Grian snapped his head up from the baby, having the same shocked-slash-confused look as Mumbo. "Wh--what? Sorry?" Mumbo stammered. "We're both boys." Grian stated stupidly. "Men. We're men." He corrected, going red.
Cleo rolled her eyes. "It's not a traditional baby, dummies. It's a test tube baby. A--an accidental one." Cleo wrung her hands awkwardly at Mumbo and Grian's faces.
"How do you make an accidental test tube baby, Cleo?!" Mumbo exclaimed. He wasn't mad, just--well, extremely confused. "Why were you making a test tube baby in the first place?!" Grian continued. Cleo held her hands up in surrender. "I--okay--I'm making a hermit zoo exhibit! And I'm cloning you! For the zoo! And uh--well, THAT happened." Cleo explained, gesturing at the small being in Grian's lap. "I individually swabbed your bases, so--I'm not really sure how it happened?" Cleo stuttered.
Mumbo stared. "Cleo. We're married. We live together." Mumbo said, holding up his hand to display the ring Grian had made him.
Cleo stared back. "Oh. Well, that would make sense." She rubbed the back of her neck self consciously. "Cleo, you came to the wedding!" Grian stated incredulously. "You were my groomsmaid!!" Cleo winced. "Right. That's right. I remember now." She said apologetically.
"I--anyways. That baby is a perfect mix of your DNA, so--I mean, technically speaking, I managed to create life without the use of traditional means, so you should be not mad, you should be impressed, really." Cleo rambled.
Mumbo opened his mouth and then closed it again. His redstone brain was truly very impressed, actually, but his parent brain took over. "So you just--gave us a baby? We have a baby now, that's it?" He asked, his voice pitching.
Grian gasped quietly next to Mumbo, pulling his attention from an increasingly nervous Cleo. Grian was staring at the baby, who had finally quieted into idle murmuring. "He has your eyes, Mumby." Grian whispered, his voice catching. Mumbo leaned over, startled to see the same shade of red as his staring back at him. "Oh," Mumbo breathed, a strange feeling coming over him.

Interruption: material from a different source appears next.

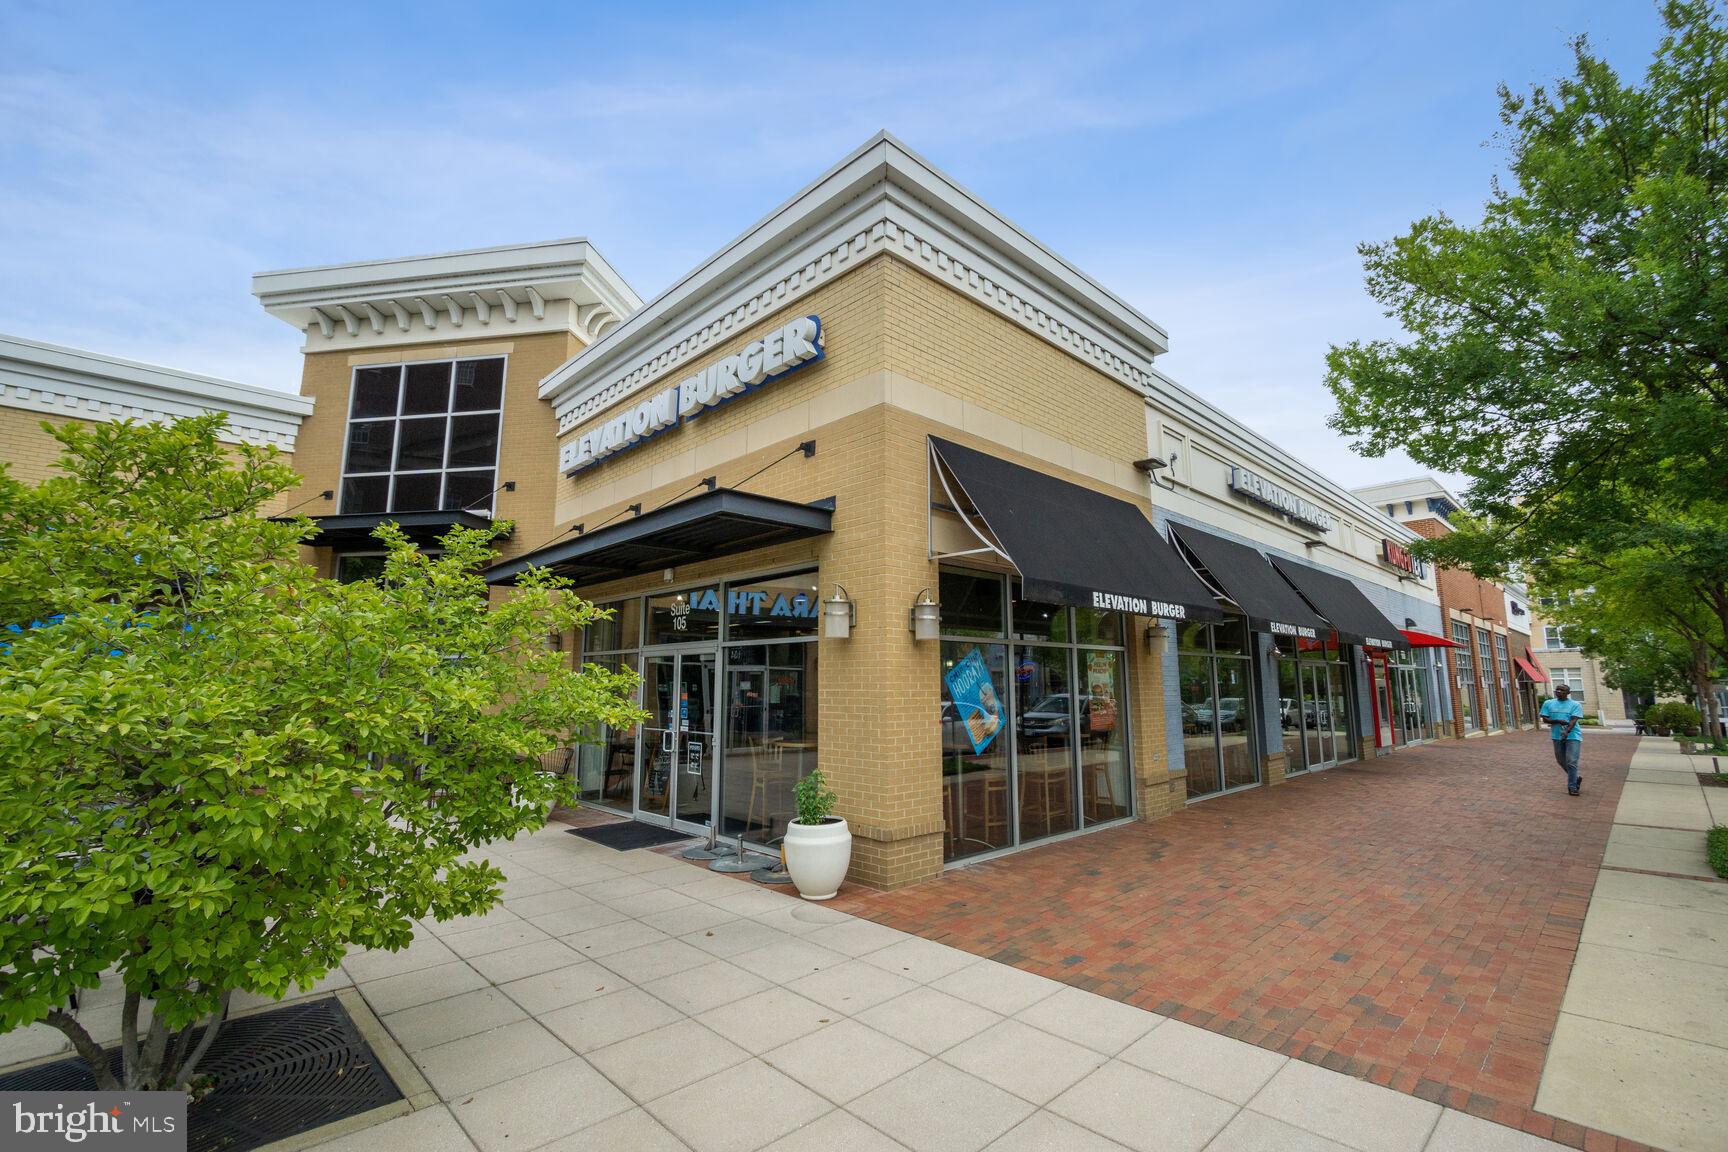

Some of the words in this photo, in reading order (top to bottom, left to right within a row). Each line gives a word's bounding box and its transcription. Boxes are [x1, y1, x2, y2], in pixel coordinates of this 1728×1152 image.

Grian held out his finger to the baby and was immediately grasped by the tiny thing's button-sized hand, letting out a coo of endearment and peeking the smallest of smiles. The baby was a naked newborn, hardly a day old, but Mumbo was instantly struck by how much the little smile reminded him of Grian.
Mumbo finally looked away from the baby to Cleo, who brandished a smug grin. Mumbo huffed in annoyance he couldn't bring himself to feel.
"Well...he needs a name." Mumbo reluctantly stated, silently accepting the new member to the family that Cleo had brought them. Cleo grinned wider, undoubtedly coming to the same conclusion that he had.
"Jrum--wait." Grian bit on a laugh. "We can't call him Jrumbot, Grian." Mumbo corrected dryly over Cleo and Grian's giggling. "Okay, how about Junior, then?"
Mumbo wrinkled his nose. "That sounds patronizing. And cliche." He disagreed. Grian hummed in thought while their unnamed son sucked on his finger.
"Okay, how about Juni? That's got a nice ring to it," Grian suggested. Mumbo smiled. "You're just saying that because you can't think of another name than Junior." He teased, letting out a laugh when Grian shoved him in response.
"I like Juni." Cleo piped up, visibly more relaxed after knowing they wouldn't be mad at her.
Mumbo looked down at their new son again, his bright red eyes now curiously swiveling around to everything he could see. He was so young, so small and fragile, and yet Mumbo could already see so much life in him.
"Yeah." Mumbo said, swallowing a sudden lump in his throat. "I like Juni too."